Certes, il y avait une première couche de significations imédiatement accessibles qui désignaient son appartenance indéfectible à la théorie psychanalytique du fantasme. Quelle que soit la puissance et la nocivité du traumatisme, le psychanalyste devait focaliser ses efforts à mettre à jour, puis à analyser les fantasmes infantiles du sujet. Inutile de préciser ici que je ne partage absolument pas ce point de vue ; je lui ai expliqué bien des fois que pour ce qui me concernait, je trouvais au contraire qu'il était du plus haut intérêt dans le travail psychothérapique, non seulement d'identifier l'agresseur, mais aussi de mettre à jour les pensées théoriques à partir desquelles le bourreau justifiait sa propre violence à ses yeux.
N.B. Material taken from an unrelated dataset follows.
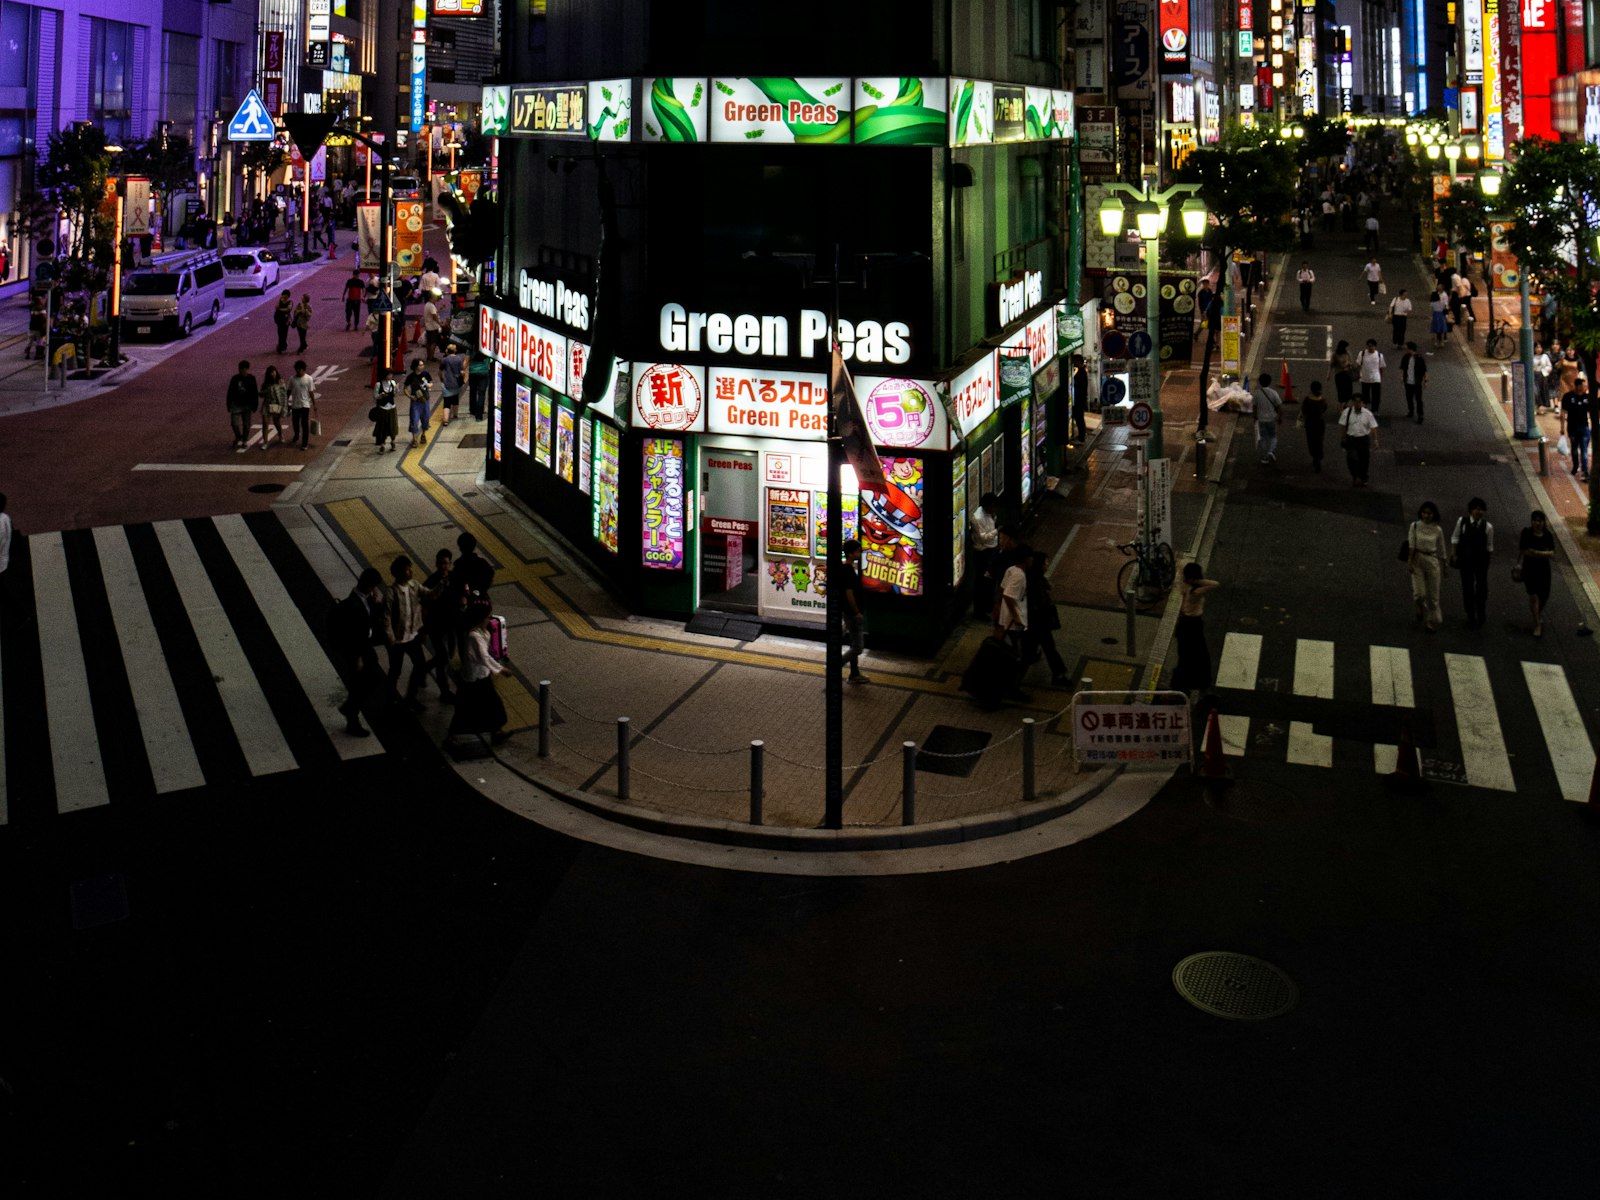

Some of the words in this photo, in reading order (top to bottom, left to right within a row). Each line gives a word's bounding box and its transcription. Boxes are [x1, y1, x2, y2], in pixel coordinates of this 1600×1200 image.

Car il me semble que le véritable ennemi de la victime n'est pas seulement son bourreau, mais aussi la pensée justifiant l'agression.
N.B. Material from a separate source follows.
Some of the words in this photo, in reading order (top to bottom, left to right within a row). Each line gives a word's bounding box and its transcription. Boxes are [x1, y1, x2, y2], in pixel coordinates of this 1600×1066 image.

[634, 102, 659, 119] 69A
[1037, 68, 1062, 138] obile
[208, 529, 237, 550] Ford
Ce n'est que bien plus tard que j'ai pu rapprocher cette étrange remarque d'un comportement du professeur Lebovici qui ne laissait pas de m'étonner. Il recevait toutes sortes de personnes en difficulté ou qui, plus simplement, venaient lui demander une aide ponctuelle. Cela pouvait aller du malade psychiatrique gravement atteint au confrère ayant besoin de quelque certificat pour présenter sa candidature à un concours de recrutement. À chaque fois, il recevait très longuement le requérant, l'écoutait avec patience, l'éclairait parfois, non sans humour, sur telle attitude ou tel trait de caractère et mettait ensuite toute son énergie à lui apporter son aide. Quel intérêt pouvait-il trouver à aider ces personnes, très souvent inconnues que souvent il n'allait jamais revoir ?

Il émanait de cet homme une sorte de bonté naturelle, véritablement désintéressée, une bonté qui n'était pas au service d'une cause – fût-elle la plus justifiée. Apporter son aide à une victime de la shoah parce que c'était une juste cause aurait à mon sens bouleversé son impératif moral. De même, il ne pouvait s'agir d'aider quiconque pour une raison quelle qu'elle fût : l'aider par exemple car il appartenait au même groupe professionnel, ethnique ou religieux ; l'aider parce qu'on défend les victimes, les faibles contre les bourreaux, les forts ; l'aider pour démontrer le bien-fondé d'une pensée théorique ou politique ; l'aider pour le bénéfice financier ou de prestige que l'on aurait pu en retirer – toutes ces justifications faisaient disparaître le travail que l'on avait accompli. Analyser, en revanche, le complexe de castration de la victime, c'était appliquer la bonne technique – tout simplement ! Et du bon allait résulter le bien, par une sorte d'alchimie obligatoire. Il ne fallait à aucun moment que la poursuite du bien de la personne puisse être rattachée à un quelconque intérêt personnel de celui qui pouvait lui procurer ce bien. À la différence du mal, le bien n'admettait aucune justification.

C'est ainsi que je continue à penser à lui, comme à un passionné silencieux du bien, surtout lorsque je souffre de son absence.